The initial search identified 10 603 titles and abstracts. After removing duplicates 6513 abstracts were screened by two reviewers who referred to a third reviewer if agreement about inclusion could not be reached. If two different papers reported identical results but in different journals this was defined as a duplicate and the most recent paper was included (see online supplementary flow diagram S1).

Inclusion and exclusion criteria

An article was included if it reported a study which was about patients and breast cancer and their partners, included the perspectives of the partner and/or patient about their relationship, examined associations between relational variables and psychological outcomes of the partner, used a cross-sectional or prospective design using validated instruments, measured the couple's relationship and was published in the English language and no date restrictions were applied (see online supplementary box S1).

Assessment of quality

The reasons for not conducting quality appraisal are because there is a paucity of research about correlations between couple relationship and variables and we wished to include as many articles as possible and we were mindful of controversies surrounding critical appraisal.34 Nevertheless, only studies using at least one validated relational measure were included (see table 1) and limitations of each study are described (see online supplementary table S1) so that the reader can make an informed and independent assessment of quality.

Table 1

Relational measures

Data processing and narrative synthesis

Given the heterogeneity of studies, a narrative approach was identified as the most appropriate method of reporting the findings of the review. The process of comparing and contrasting associations between relational and psychological variables between papers was facilitated by one of the reviewers (GH) collating and tabulating the following extracted data: author, title, study design and sample, relational and psychological variables, validated instruments used, study limitations and study findings. The main focus of the analysis was to identify couple relational dynamics to develop our understanding of dyadic and inter-individual models of psychological well-being in couples affected by breast cancer. Finally, an assessment of the robustness of the analysis was reached by another reviewer (LF) who reviewed the primary data against the proposed narrative summary.

Findings

Sixteen papers were included (see online supplementary table S1). Regression analyses are reported in order that only couple relationship variables which explain variance in patient and partner psychological state (for example, anxiety and depression) are described. However, if no regression analyses were conducted simple correlations between variables are shown.

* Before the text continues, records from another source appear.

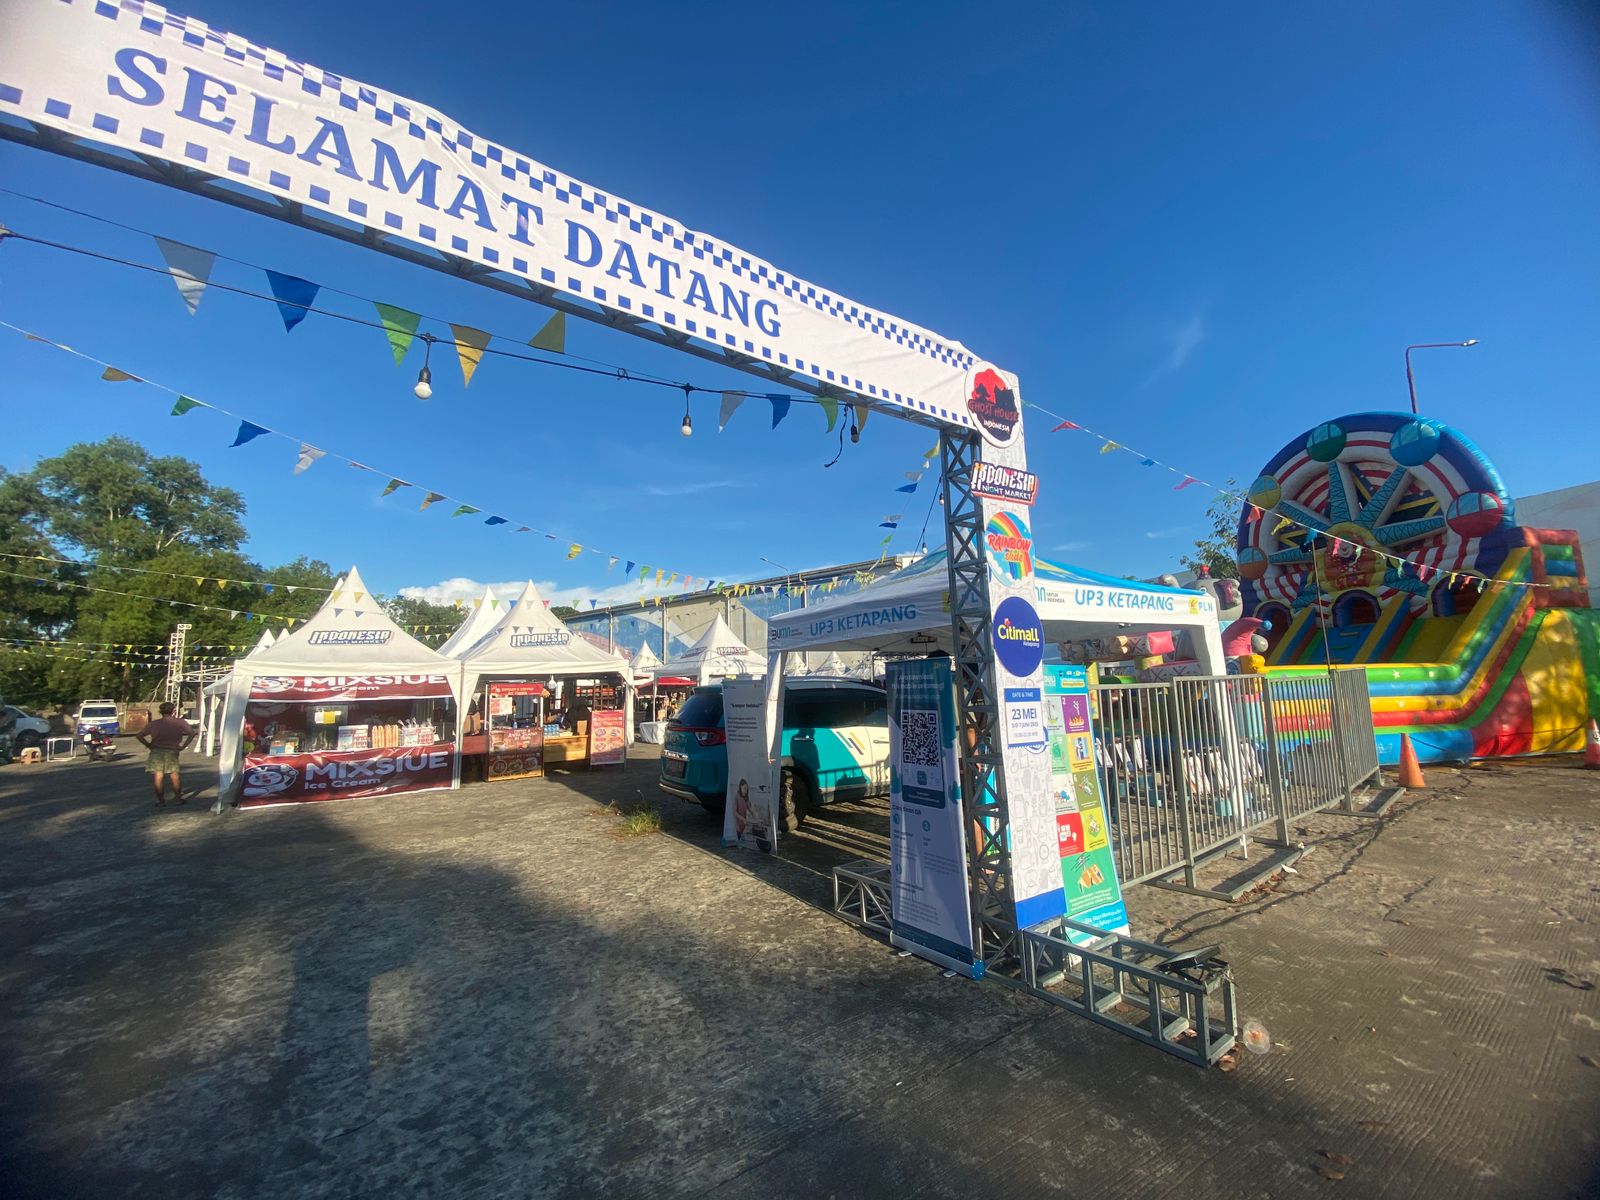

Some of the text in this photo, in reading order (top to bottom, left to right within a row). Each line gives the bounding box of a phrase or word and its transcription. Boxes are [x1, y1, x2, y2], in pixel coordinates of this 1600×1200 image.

[107, 48, 782, 338] SELAMAT DATANG
[968, 399, 1019, 421] GHOST HOUSE
[983, 418, 1010, 432] INDONESIA
[971, 462, 1035, 492] INDONESIA
[982, 484, 1031, 500] NIGHT MARKET
[987, 534, 1031, 552] RAINBOW
[1005, 549, 1024, 562] slide
[1074, 588, 1174, 611] UP3 KETAPANG
[1198, 600, 1213, 612] PLN
[809, 620, 834, 637] UP3
[837, 604, 917, 631] KETAPANG
[997, 623, 1040, 642] Citimall
[331, 684, 380, 692] Cream
[1011, 708, 1037, 720] 23 MEI
[305, 750, 449, 781] MIXSIUE
[304, 777, 381, 790] Ice Cream

The papers were all published between 1988 and 2010. Eight studies used a longitudinal design enabling researchers to describe changes in couples’ relational dynamics and patient and partner psychological well-being. Eight studies used a cross-sectional design to report correlations between relationship and psychological variables. Two studies included couples affected by metastatic breast cancer.45 ,36 Only three studies38 ,46 ,47 were conducted outside of North America and Europe and in cultures that arguably have different values towards marital relationships.38

All studies used self-report to examine correlations between relational variables and psychological outcomes, which are listed in table 1. Psychological variables included cancer-related distress, anxiety, depression, emotional well-being, neuroticism, illness intrusiveness and post-traumatic growth.

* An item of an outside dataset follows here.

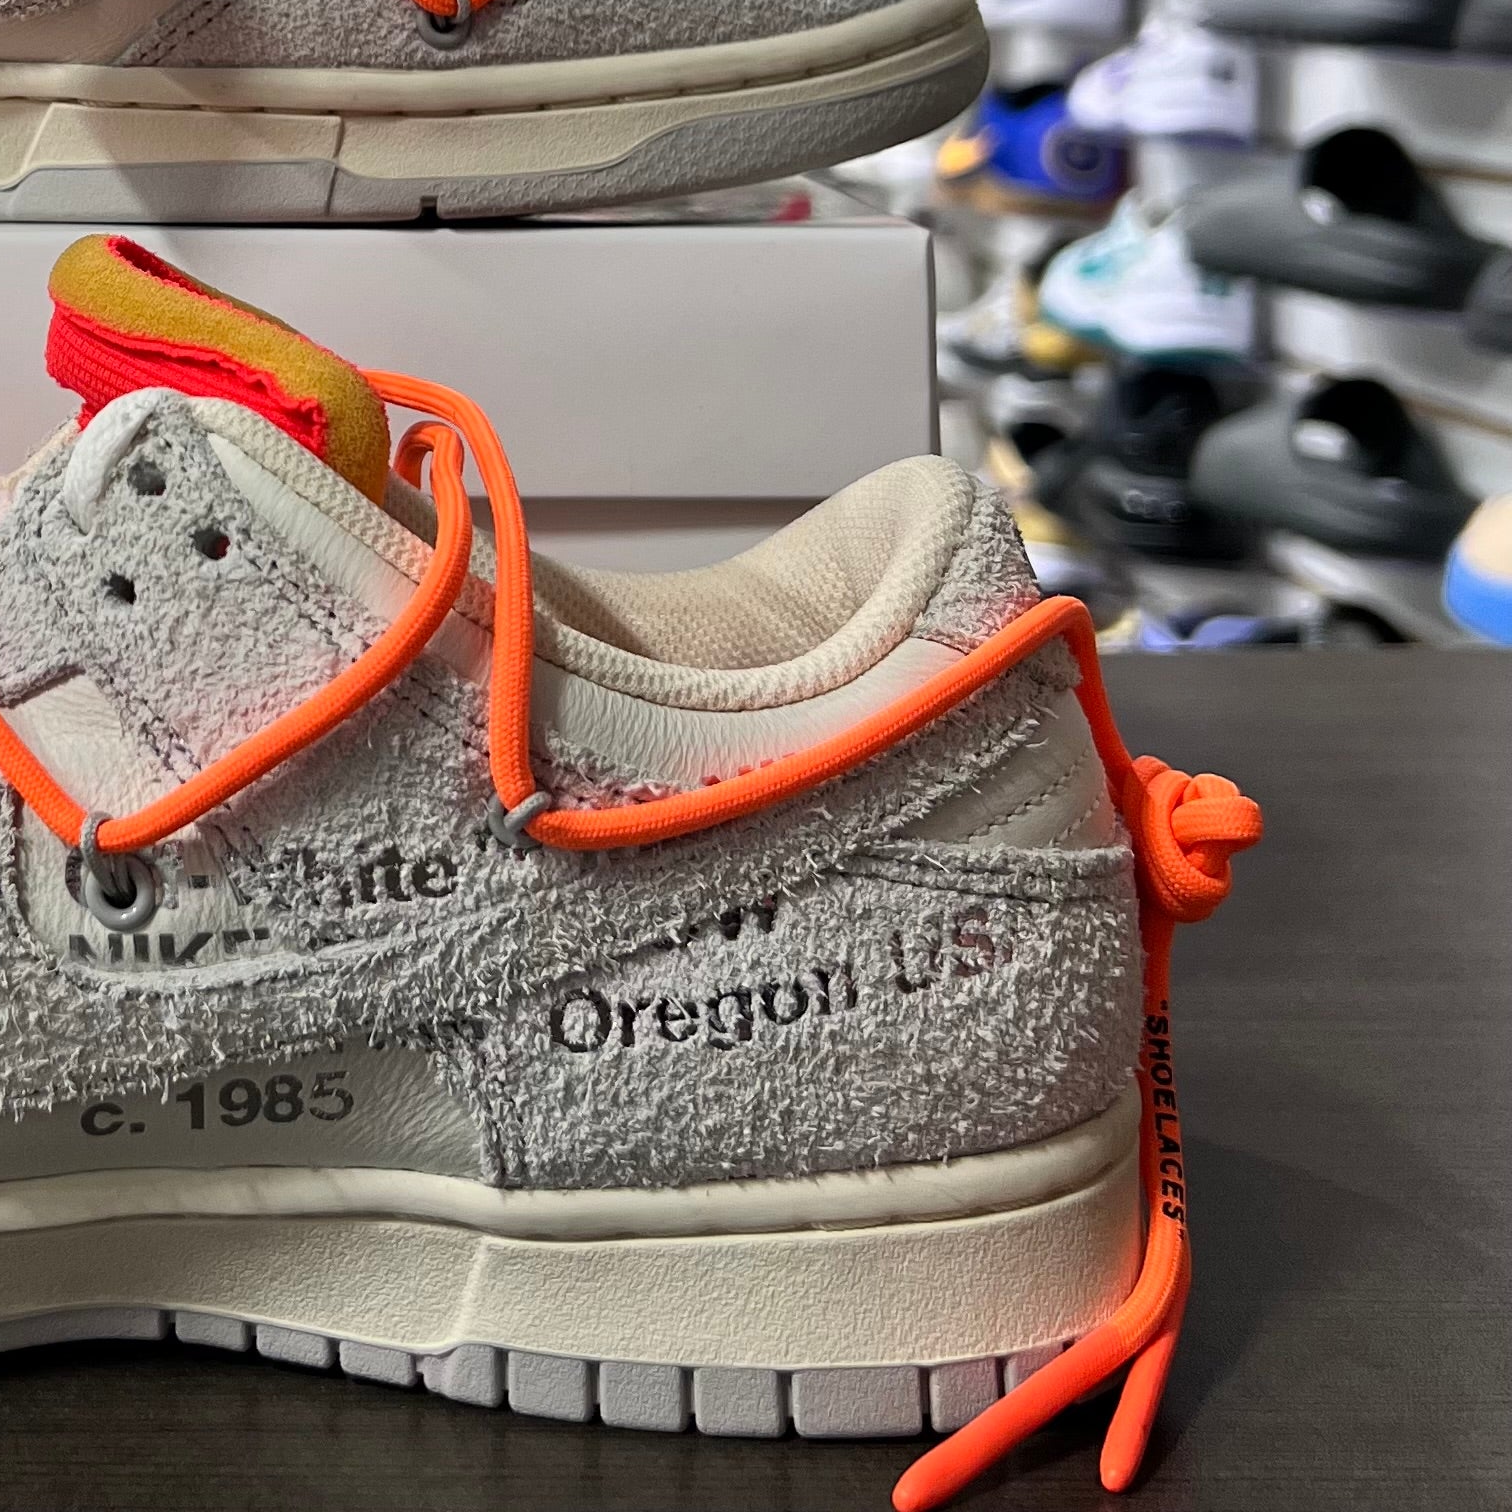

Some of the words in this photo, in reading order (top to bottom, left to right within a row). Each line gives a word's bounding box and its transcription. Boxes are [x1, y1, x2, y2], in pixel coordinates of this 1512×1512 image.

[550, 963, 857, 1052] Oregon
[893, 905, 1013, 994] US
[80, 1101, 146, 1136] c.
[176, 1070, 354, 1130] 1985

Studies are listed and described according to the main relational dynamic being reported: (i) couple coping, (ii) relationship functioning and satisfaction, and (iii) communication.

Couple coping

Feldman and Broussard48 in a cross-sectional study investigated associations between five dyadic coping patterns (i) dyadic stress communication, (ii) common dyadic coping, (iii) positive dyadic coping, (iv) hostile dyadic coping, and (v) avoidance of dyadic coping, in a cross-sectional study. They examined associations between dyadic coping and emotional well-being and perceptions of illness intrusiveness, which were self-reported by male partners of newly diagnosed breast cancer patients. Multivariate analyses indicate that when high levels of hostile dyadic coping are used (defined as when the stress signals of one partner generate hostile responses from the other such as, distancing, ridicule, sarcasm, obvious disinterest or minimising the level of the partner's stress) this was associated with greater illness intrusiveness.

Multilevel analyses conducted as part of a longitudinal study by Badr et al20 indicate patients and partners who perceived their spouses as being more unsupportive experienced greater distress. Further, individuals who used more common negative dyadic coping (common refers to conjoint avoidance and mutual withdrawal) experienced greater cancer-related distress. These analyses also indicate that patients and partners who used common positive dyadic coping more frequently (defined as joint problem solving, coordinating everyday demands, relaxing together, mutual calming, sharing and expressions of solidarity) experienced greater dyadic adjustment (defined as relationship functioning and marital satisfaction).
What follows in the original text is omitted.